QAsena · Answer 1 · 2020-04-08T20:24:48.733

Ok, is this good for you? I'm replacing the loop with apply if that is ok?

### Some dummy dataframes
x <- data.frame(v1 = rnorm(1:10),
                 v2 = rnorm(1:10),
                 v3 = runif(10, 1, 1000),
                 v4 = runif(10, 1, 1000))
x2 <- data.frame(v1 = rnorm(1:10),
                v2 = rnorm(1:10),
                v3 = runif(10, 1, 1000),
                v4 = runif(10, 1, 1000))
y <- data.frame(v1 = rnorm(1:10),
                v2 = rnorm(1:10),
                v3 = runif(10, 1, 1000),
                v4 = runif(10, 1, 1000))
y2 <- data.frame(v1 = rnorm(1:10),
                 v2 = rnorm(1:10),
                 v3 = runif(10, 1, 1000),
                 v4 = runif(10, 1, 1000)) 

###
# I tend to prefer the apply family of functions to replace loops where possible.
# This function takes two inputs, dataframes of dependent and independent variables.
# the apply function here takes the x_df and applies the following anonymous function to each column
# so for each column in x_df it performs a lm against the first column of y_df

lm_func <- function(y_df, x_df) {
  out <- apply(x_df, MARGIN = 2, function(x) {
    lm(y_df[, 1] ~ x)
  })
  return(out)
}

results_list <- lm_func(y, x)

# the output is one list element per lm. I like to keep the whole lm output just in case you need to go back to it

# we can then turn that list back into a dataframe using rbindlist from data.table
# and get what I think is your desired output using glance from broom

library(data.table)
library(broom)

results_glance <- rbindlist(lapply(results_list, glance), idcol = "var_name")

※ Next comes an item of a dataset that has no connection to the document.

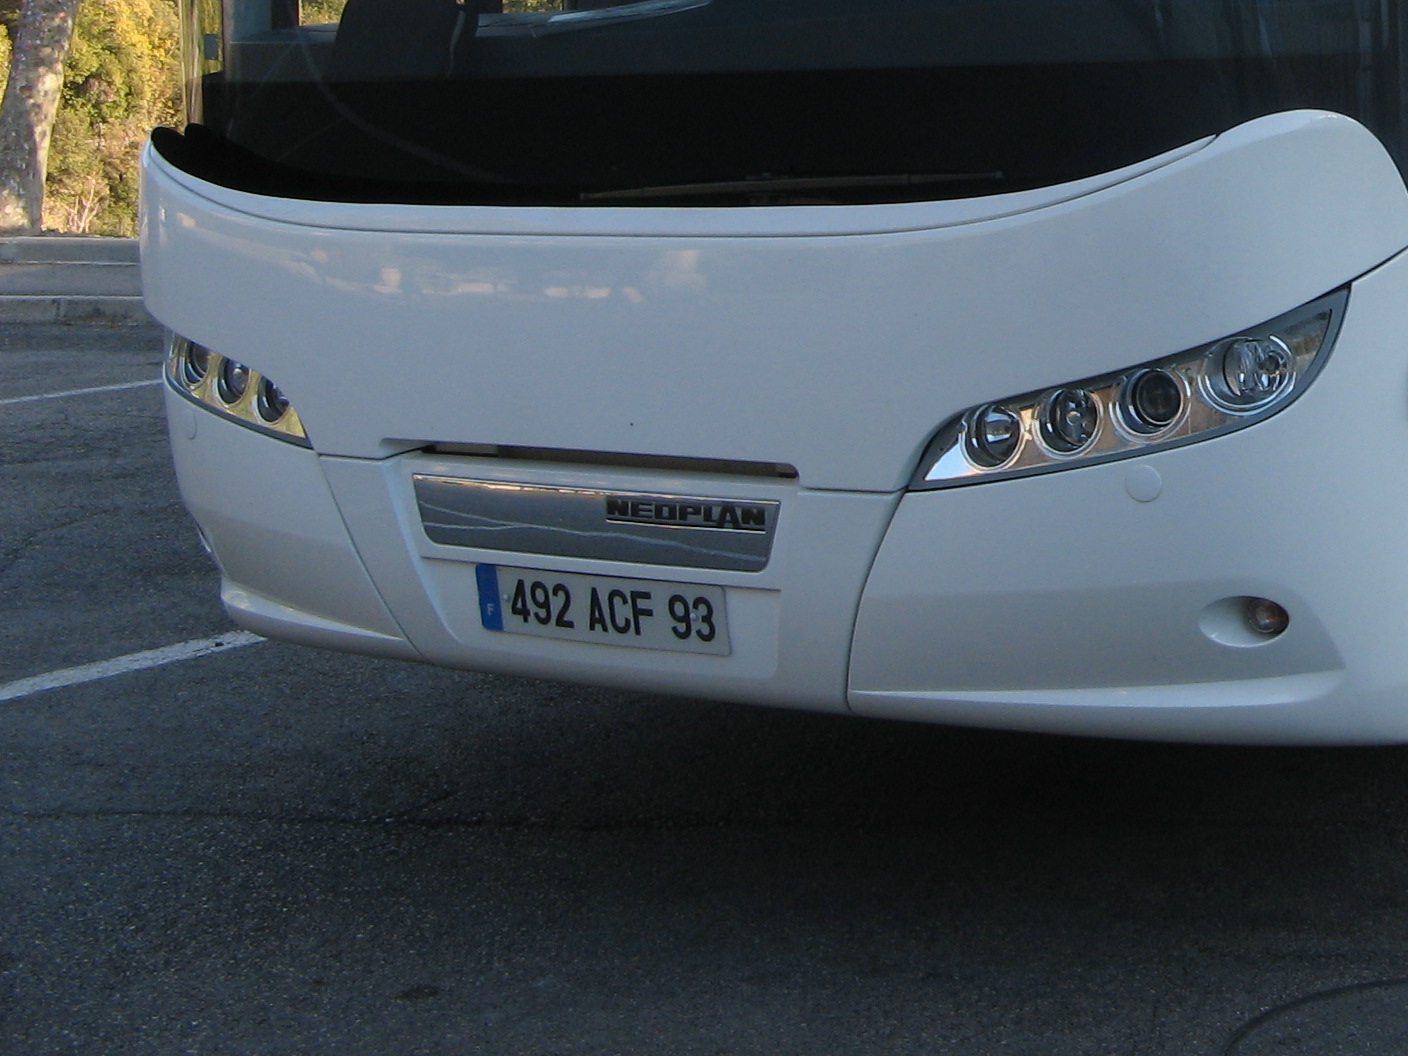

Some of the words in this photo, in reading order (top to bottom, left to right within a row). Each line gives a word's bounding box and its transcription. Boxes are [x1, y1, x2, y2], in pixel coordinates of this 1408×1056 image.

# or keep it as a list if you wish
results_list_glance <- lapply(results_list, glance)

# to run the function using a single x argument but multiple y arguments you can use mapply

results_list_m <- mapply(lm_func,
                       y_df = list(y, y2),
                       MoreArgs = list(    # other arguments you want to keep fixed
                         x_df = x
                       ),
                       SIMPLIFY = F
)

# the output is a little fiendish because it will be a list of lists
# we can include the rbindlist and glance into the function to make the output a little simpler:


lm_func_bind <- function(y_df, x_df) {
  out <- apply(x_df, MARGIN = 2, function(x) {
    lm(y_df[, 1] ~ x)
  })
  out <- rbindlist(lapply(out, glance), idcol = "var_name")
  return(out)
}
results_glance_df <- lm_func_bind(y, x)

results_list_dfs <- mapply(lm_func_bind,
                           y_df = list(y, y2),
                           MoreArgs = list(    # other arguments you want to keep fixed
                             x_df = x
                           ),
                           SIMPLIFY = F
)

Let me know if I can make this better. If you are not familiar with some of the functions like apply and rbindlist they are worth checking out the documentation for. Cheers!

P.S. Usually repeated linear models is not ideal due to chance of success. That is more of a question of stats rather than coding though!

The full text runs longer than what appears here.